This is not one of those.

I got an email from one of my regular readers who is apparently a fan of my spam email replies.

She received a wonderful spam email and wanted me to reply to it for her.

DONE.

Here is the spam she received:



..and, of course..

My custom reply for her:



Not sure what happened but I'm thinking of trying to hunt down the woman in that picture.

The whole taint-tickling thing really is intriguing.

Moog out.

20 comments:

Lady Estrogen said...

Oooohh... the taint tickling is truly the selling point. I'm sold... three times over!

Can I get that in bulk?

Just asking.

Ryan said...

Is that a picture of Winona Ryder with a goatee?

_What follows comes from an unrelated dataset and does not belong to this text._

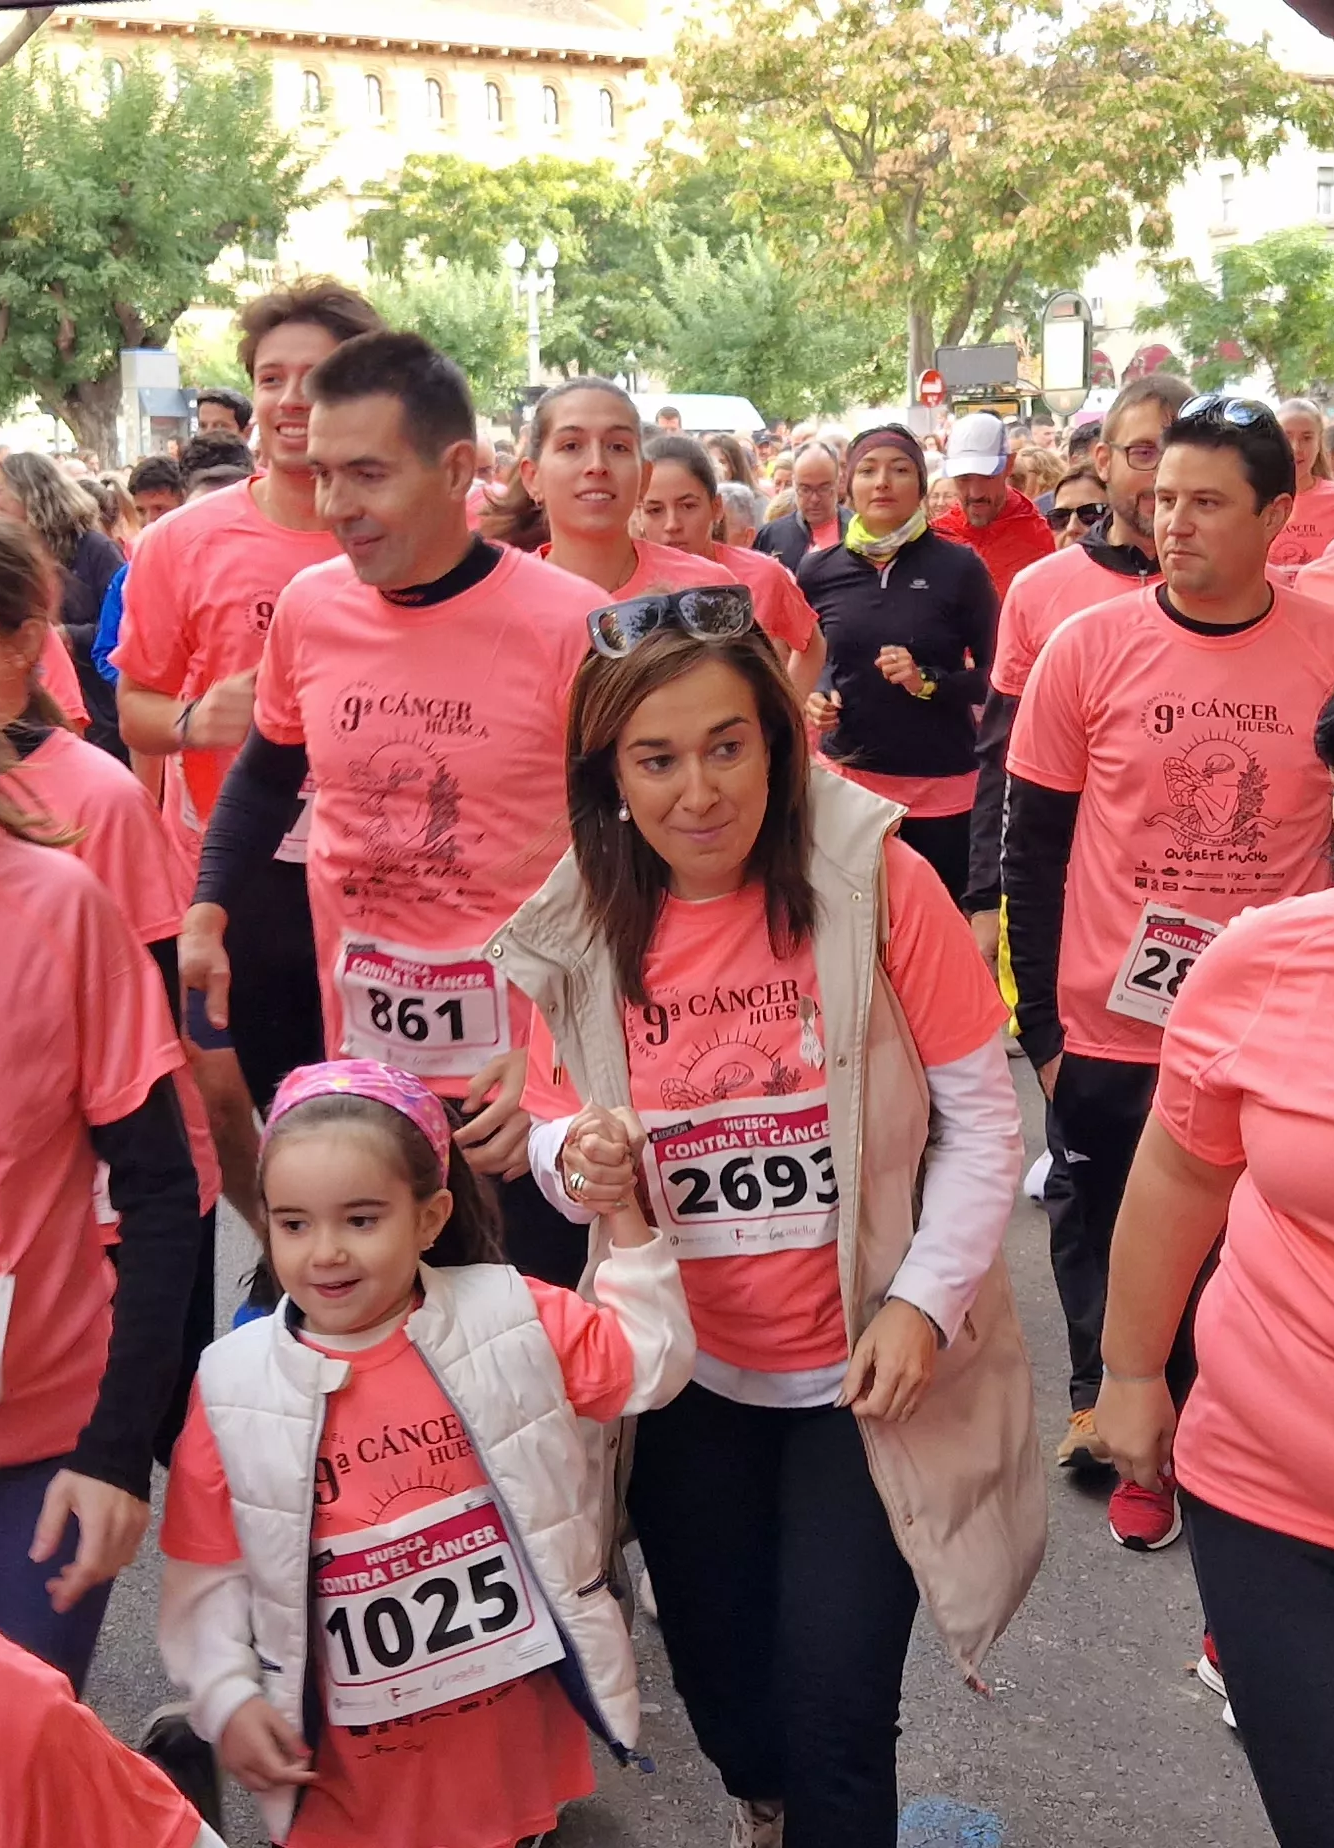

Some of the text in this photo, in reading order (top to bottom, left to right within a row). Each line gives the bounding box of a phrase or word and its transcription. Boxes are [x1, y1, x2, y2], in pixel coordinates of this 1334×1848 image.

Christina_the_wench said...

But look how shiny his/her hair is! And the bangs are kick-ass.

Luda said...

Haaaaaaaa.

If Sandy replies, you must post it.

I have a feeling she's going to take you up on the offer, though. And that's going to get awkward.

jack mehoff said...

taint ticklin transexuals

i'll take three

Knight said...

I would totally date Keira Knightly in a beard. I think Sandy should go for it!

I hope you find your man moog.

Eva Gallant said...

How could she possibly resist???

PISSED said...

You Sir.. are one funny bahstad..

Moooooog35 said...

Lady: I will do my best. Let me just make sure my passport is current...

Ryan: Hm. Maybe she stole it.

Christina: I KNOW.

Luda: They usually don't reply..I'm not quite sure why not.

Jack: Would you like a shot of penicillin with that?

Knight: Now I'm picturing you dating Kiera Knightly with a beard.

Kinda hot, actually.

Eva: I know..and, yet, somehow she did.

Pissed: *blushes*

jack mehoff said...

somethin tells me the shot of penis-illan is included in the deal....like a drive thru special

how about kiera with facial, armpit and chest hair?

http://www.freakingnews.com/Keira-Knightly-Beard-Pictures-38363.asp

she's still a cutey

@OutofGoldStars said...

Oh my fucking god. You just made my day. I think I would like you to write custom responses to the dumb ass, grammatically incorrect, emails that are filled with the wrong information that I get from the administrators at my school. I would probably get fired. It would be worth it.

Fresh Out of Gold Stars

Vinny C said...

I'm sure she'll write back. Who could resist that hair?

Sarah P said...

I heard the best story today, and something about your creepiness triggered me to tell you. OK. Here goes.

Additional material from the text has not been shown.